Exercise brief =
Your reply should repeat all records verbatim and contain no images.
++++++
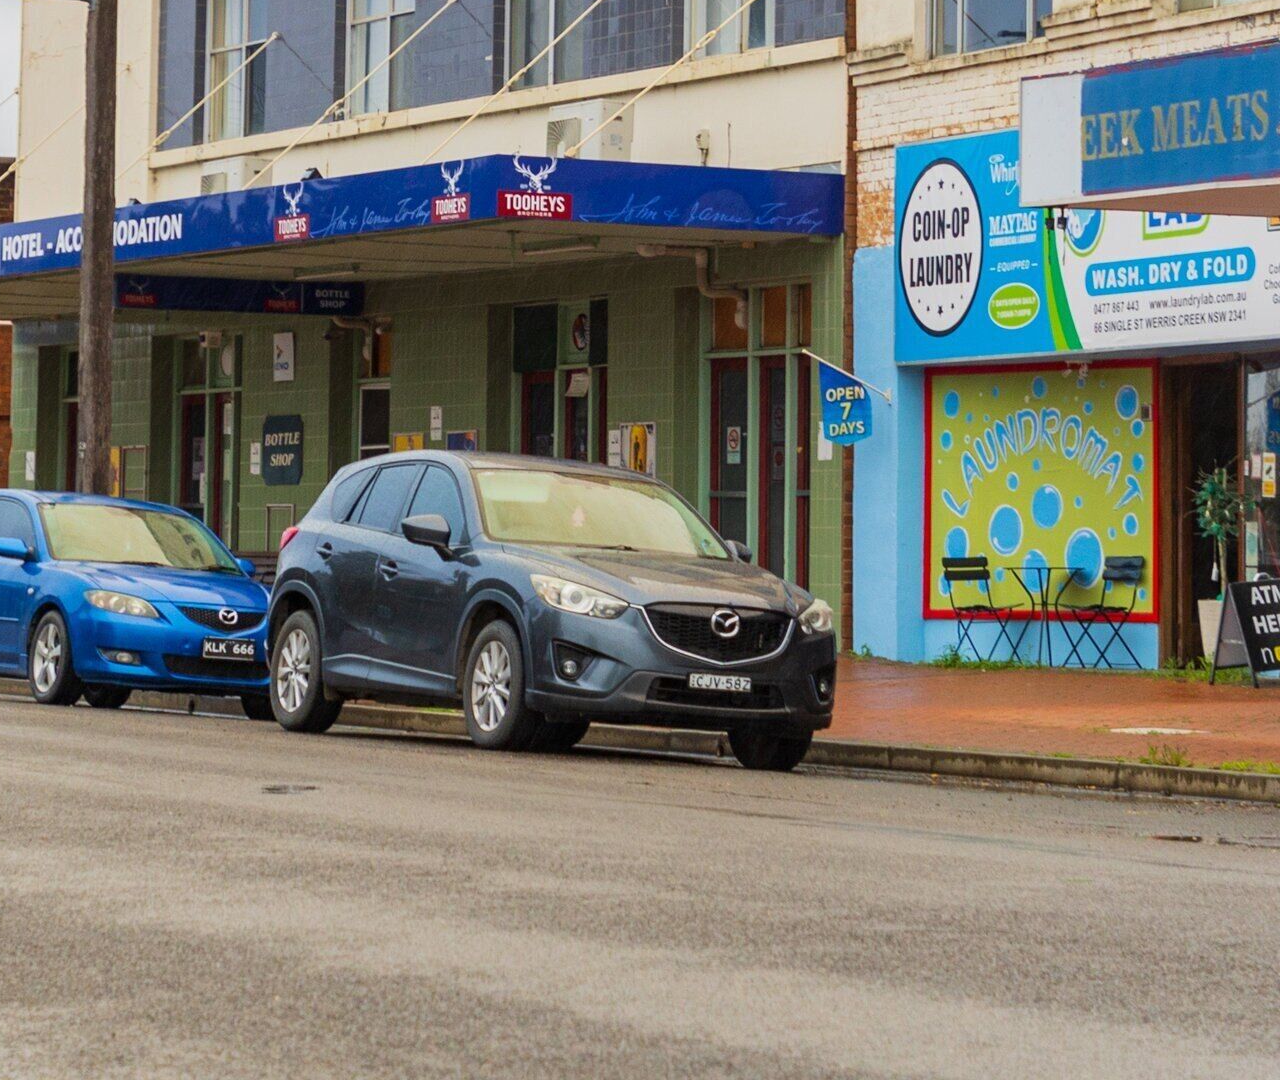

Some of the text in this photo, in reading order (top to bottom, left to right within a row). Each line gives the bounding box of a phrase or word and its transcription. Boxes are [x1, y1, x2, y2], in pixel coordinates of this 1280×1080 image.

[1151, 89, 1270, 153] MEATS
[435, 196, 467, 216] TOOHEYS
[505, 193, 566, 213] TOOHEYS
[278, 217, 307, 235] TOOHEYS
[912, 206, 970, 242] COIN-OP
[988, 211, 1038, 236] MAYTAG
[2, 232, 44, 262] HOTEL
[55, 213, 183, 255] ACCODATION
[909, 252, 973, 287] LAUNDRY
[996, 259, 1031, 272] EQUIPPED
[1092, 254, 1249, 290] WASH. DRY & FOLD
[315, 289, 350, 299] BOTTLE
[1093, 303, 1110, 315] 0477
[1126, 300, 1139, 312] 443
[1149, 291, 1247, 309] www.laundrylab.com.au
[319, 300, 346, 309] SHOP
[1104, 319, 1132, 333] SINGLE
[1134, 318, 1144, 330] ST
[1146, 315, 1177, 329] WERRIS
[1178, 314, 1207, 327] CREEK
[1208, 312, 1227, 324] NSW
[1228, 309, 1247, 322] 2341
[825, 386, 865, 402] OPEN
[840, 402, 852, 420] 7
[265, 432, 300, 446] BOTTLE
[829, 421, 865, 437] DAYS
[270, 453, 294, 467] SHOP
[941, 407, 1144, 518] LAUNDROMAT
[205, 641, 227, 653] KLK
[232, 643, 255, 655] 666
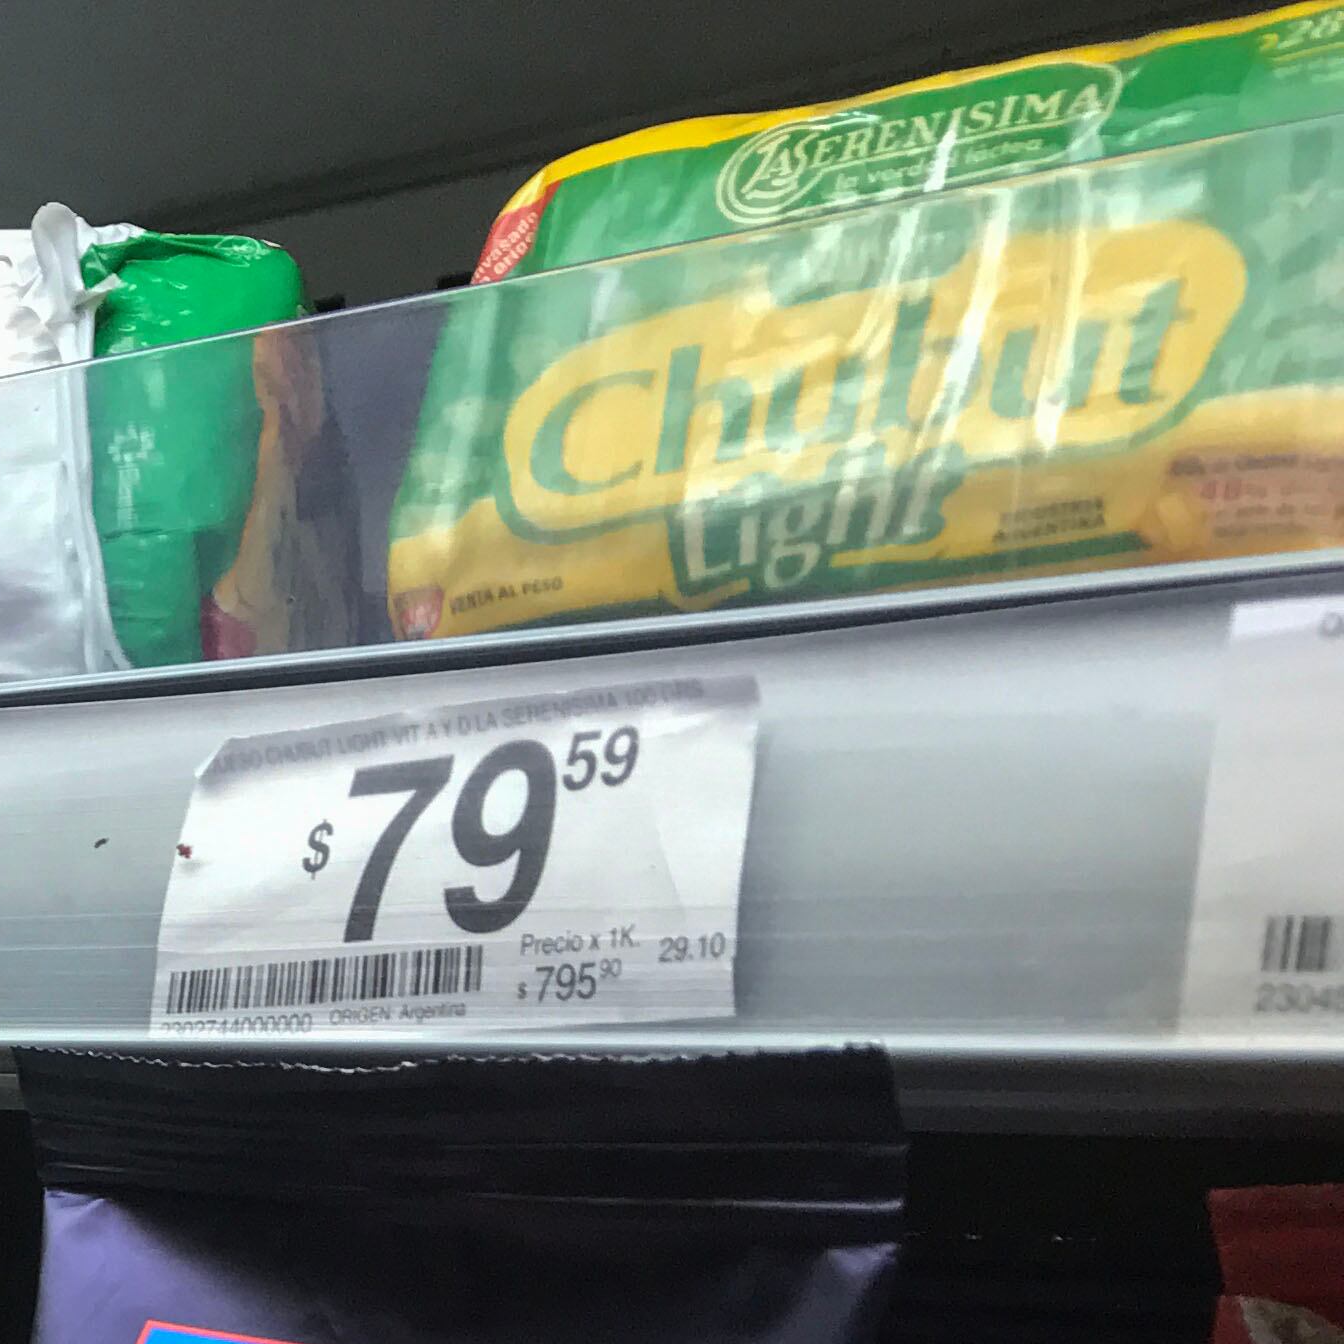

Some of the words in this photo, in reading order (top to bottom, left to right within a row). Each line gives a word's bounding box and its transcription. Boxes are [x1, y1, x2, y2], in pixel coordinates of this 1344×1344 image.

[301, 819, 334, 880] $
[343, 738, 558, 944] 79
[562, 725, 640, 793] 59
[519, 928, 584, 957] Precio
[589, 932, 601, 951] x
[657, 930, 728, 964] 29.10
[516, 980, 528, 1000] $
[534, 961, 598, 1004] 795
[599, 956, 623, 979] 90
[398, 1000, 468, 1025] Argentina
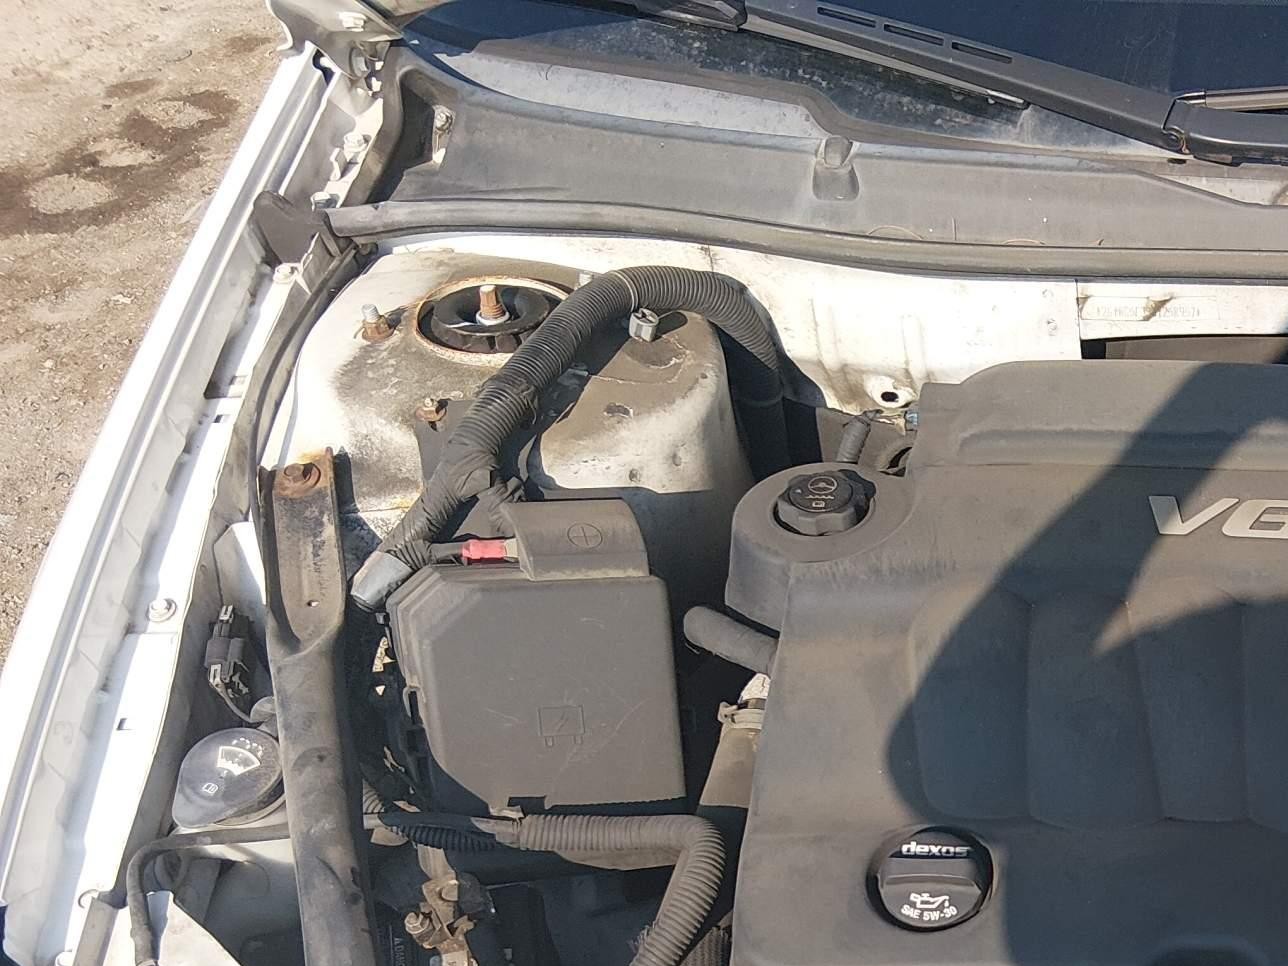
++++++
Final answer =
Some of the text in this photo, in reading order (top to bottom, left to right within a row). Each line gives the bounding box of a phrase or word and its transcription. Boxes are [x1, y1, x2, y2], in pixel coordinates of this 1280×1080 image.

[1151, 89, 1270, 153] MEATS
[435, 196, 467, 216] TOOHEYS
[505, 193, 566, 213] TOOHEYS
[278, 217, 307, 235] TOOHEYS
[912, 206, 970, 242] COIN-OP
[988, 211, 1038, 236] MAYTAG
[2, 232, 44, 262] HOTEL
[55, 213, 183, 255] ACCODATION
[909, 252, 973, 287] LAUNDRY
[996, 259, 1031, 272] EQUIPPED
[1092, 254, 1249, 290] WASH. DRY & FOLD
[315, 289, 350, 299] BOTTLE
[1093, 303, 1110, 315] 0477
[1126, 300, 1139, 312] 443
[1149, 291, 1247, 309] www.laundrylab.com.au
[319, 300, 346, 309] SHOP
[1104, 319, 1132, 333] SINGLE
[1134, 318, 1144, 330] ST
[1146, 315, 1177, 329] WERRIS
[1178, 314, 1207, 327] CREEK
[1208, 312, 1227, 324] NSW
[1228, 309, 1247, 322] 2341
[825, 386, 865, 402] OPEN
[840, 402, 852, 420] 7
[265, 432, 300, 446] BOTTLE
[829, 421, 865, 437] DAYS
[270, 453, 294, 467] SHOP
[941, 407, 1144, 518] LAUNDROMAT
[205, 641, 227, 653] KLK
[232, 643, 255, 655] 666

Some of the words in this photo, in reading order (top to bottom, left to right within a row). Each line gives a word's bounding box and its transcription. Boxes are [x1, y1, x2, y2], in pixel coordinates of this 1344×1344 image.

[301, 819, 334, 880] $
[343, 738, 558, 944] 79
[562, 725, 640, 793] 59
[519, 928, 584, 957] Precio
[589, 932, 601, 951] x
[657, 930, 728, 964] 29.10
[516, 980, 528, 1000] $
[534, 961, 598, 1004] 795
[599, 956, 623, 979] 90
[398, 1000, 468, 1025] Argentina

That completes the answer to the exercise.